Reproducibility of Implicit Association Test (IAT) – Case Study of Meta-Analysis of Racial Bias Research Claims


  •  S. Stanley Young    
  •  Warren B. Kindzierski    

Abstract

The Implicit Association Test, IAT, is widely used to measure hidden (subconscious) human biases – implicit bias – of many topics of interest: race, gender, age, ethnicity, religion stereotypes. There is a need to understand the reliability of these measures as they are being used in many decisions in society today. A study was undertaken to independently test the reliability of (ability to reproduce) racial bias research claims of Black−White relations based on IAT (implicit bias) and explicit bias measurements using statistical p-value plots. These claims were for IAT−real-world behavior correlations and explicit bias−real-world behavior correlations of Black−White relations in a meta-analysis.

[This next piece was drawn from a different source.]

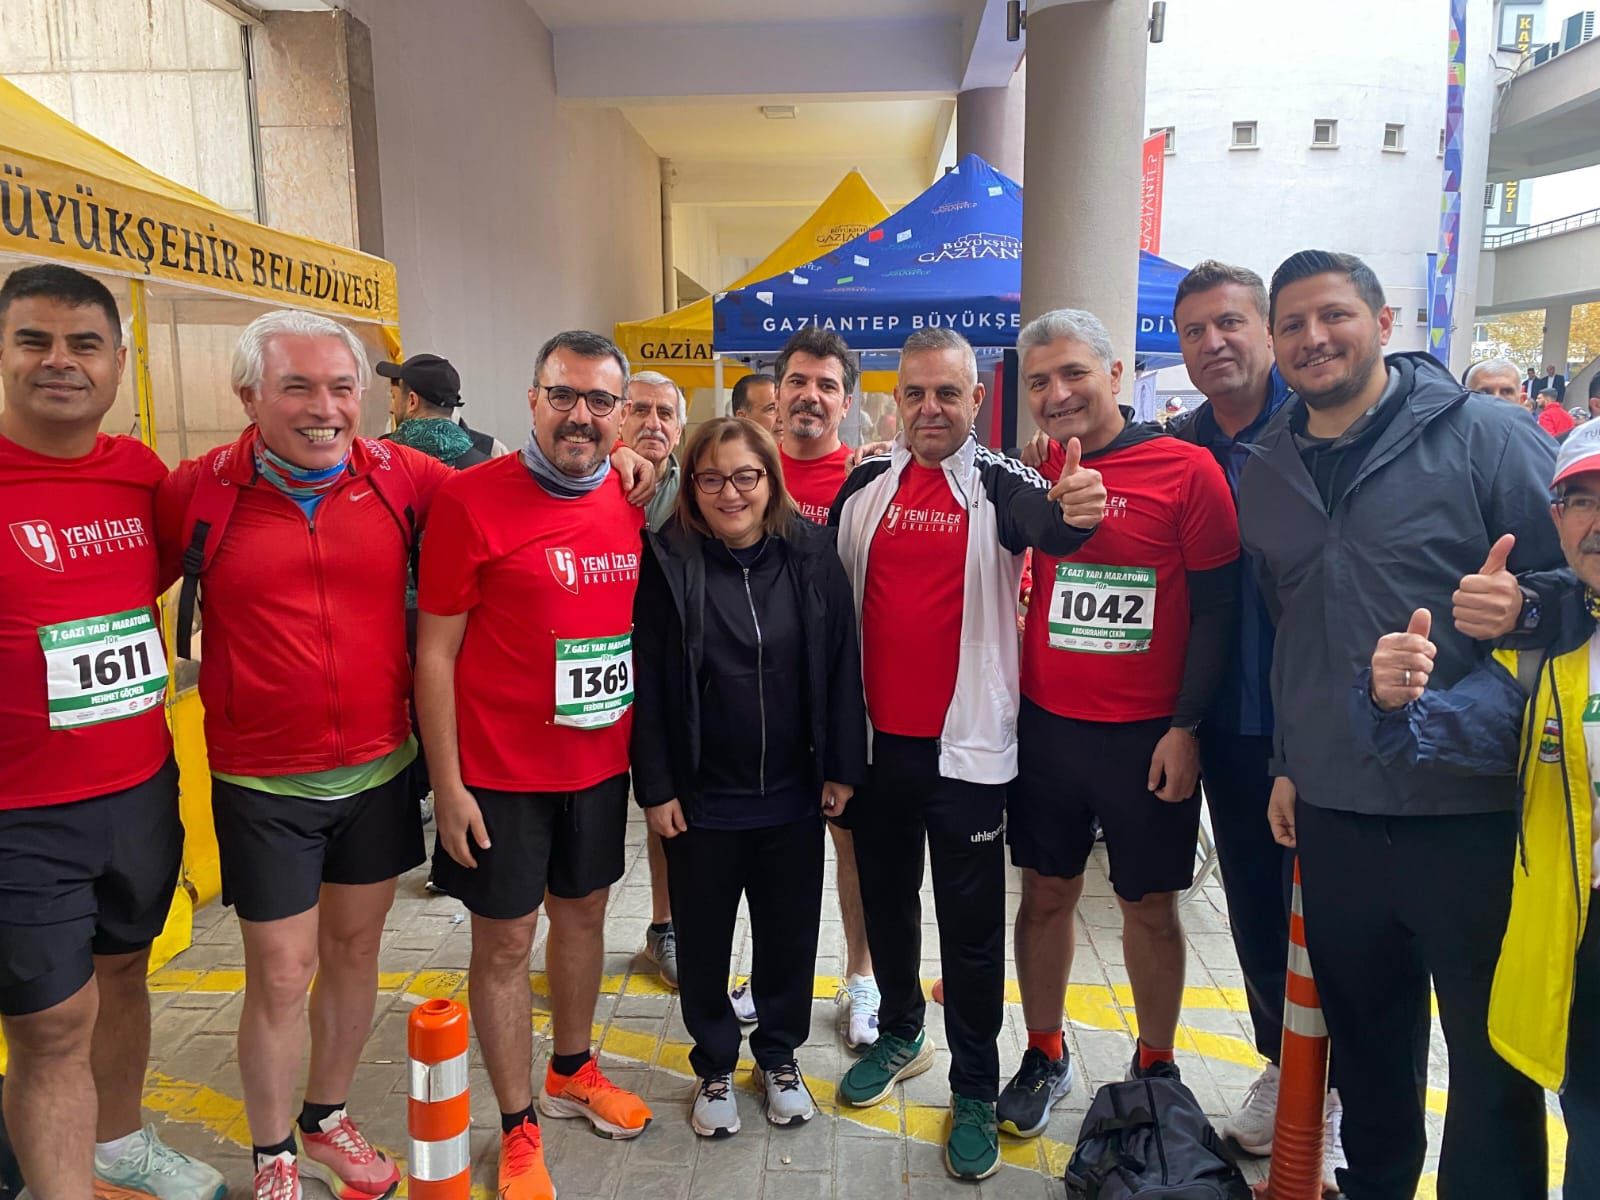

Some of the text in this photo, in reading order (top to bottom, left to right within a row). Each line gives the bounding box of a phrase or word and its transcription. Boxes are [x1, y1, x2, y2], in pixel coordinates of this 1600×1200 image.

The p-value plots were constructed using data sets from the meta-analysis and the plots exhibited considerable randomness for all correlations examined. This randomness supports a lack of correlation between IAT (implicit bias) and explicit bias measurements with real-world behaviors of Whites towards Blacks. These findings were observed for microbehaviors (measures of nonverbal and subtle verbal behavior) and person perception judgments (explicit judgments about others). Findings of the p-value plots were consistent with the meta-analysis research claim that the IAT provides little insight into who will discriminate against whom. It was also observed that the amount of real-world variance explained by the IAT and explicit bias measurements was small – less than 5%.